== Work instructions ==
Extract the text of each entry below exactly, leaving every image behind.

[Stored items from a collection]
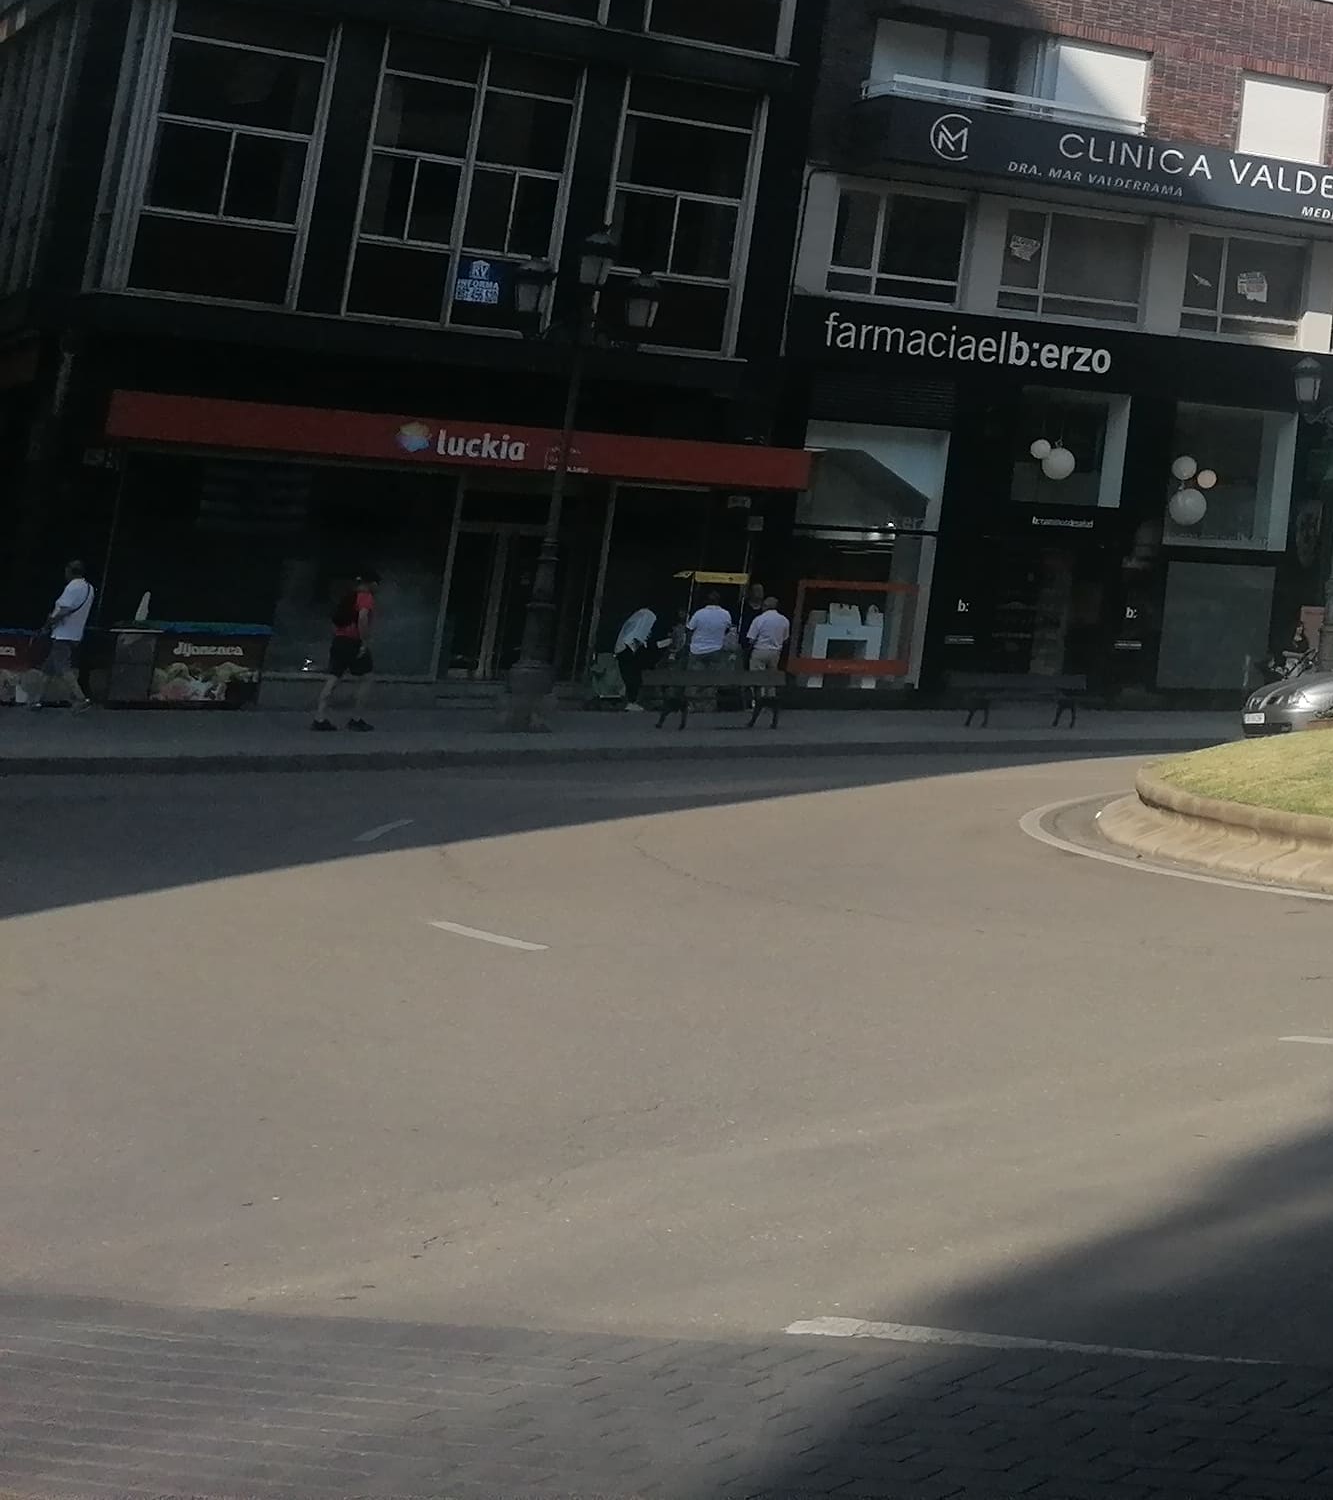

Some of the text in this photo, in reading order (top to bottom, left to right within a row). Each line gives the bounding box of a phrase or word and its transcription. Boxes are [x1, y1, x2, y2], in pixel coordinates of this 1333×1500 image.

[1059, 133, 1212, 180] CLINICA
[1008, 161, 1184, 198] DRA. MAR VALDERRAMA
[436, 428, 527, 462] luckia
[957, 598, 970, 613] b:
[1125, 606, 1138, 620] b:
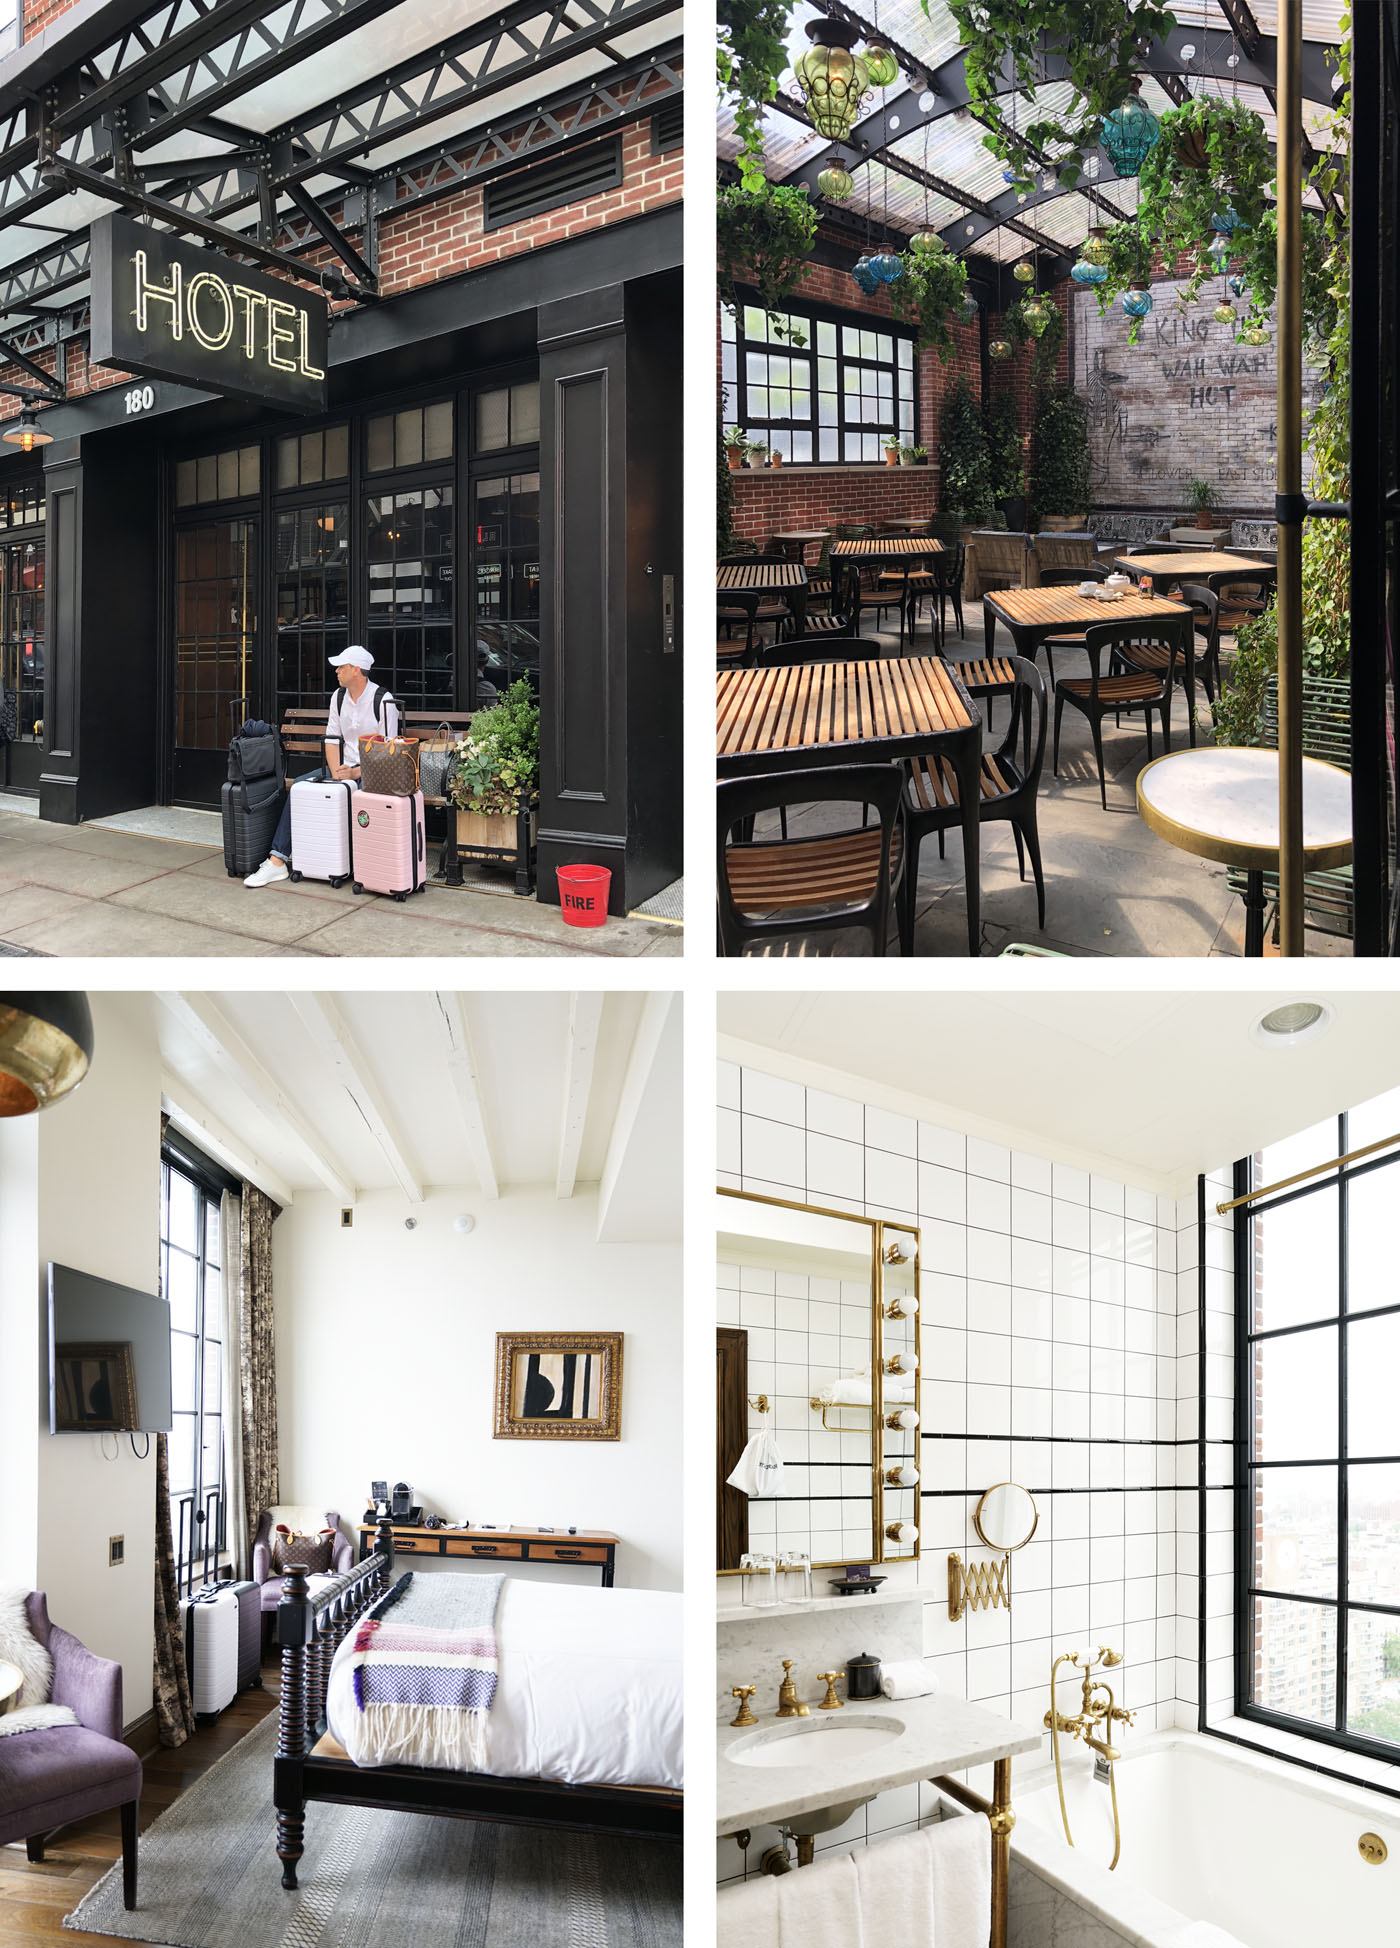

== Solution for this problem ==
Some of the text in this photo, in reading order (top to bottom, left to right within a row). Each line gives the bounding box of a phrase or word and its transcription. Boxes are [x1, y1, x2, y2], in pixel coordinates of this 1333×1500 image.

[1059, 133, 1212, 180] CLINICA
[1008, 161, 1184, 198] DRA. MAR VALDERRAMA
[436, 428, 527, 462] luckia
[957, 598, 970, 613] b:
[1125, 606, 1138, 620] b:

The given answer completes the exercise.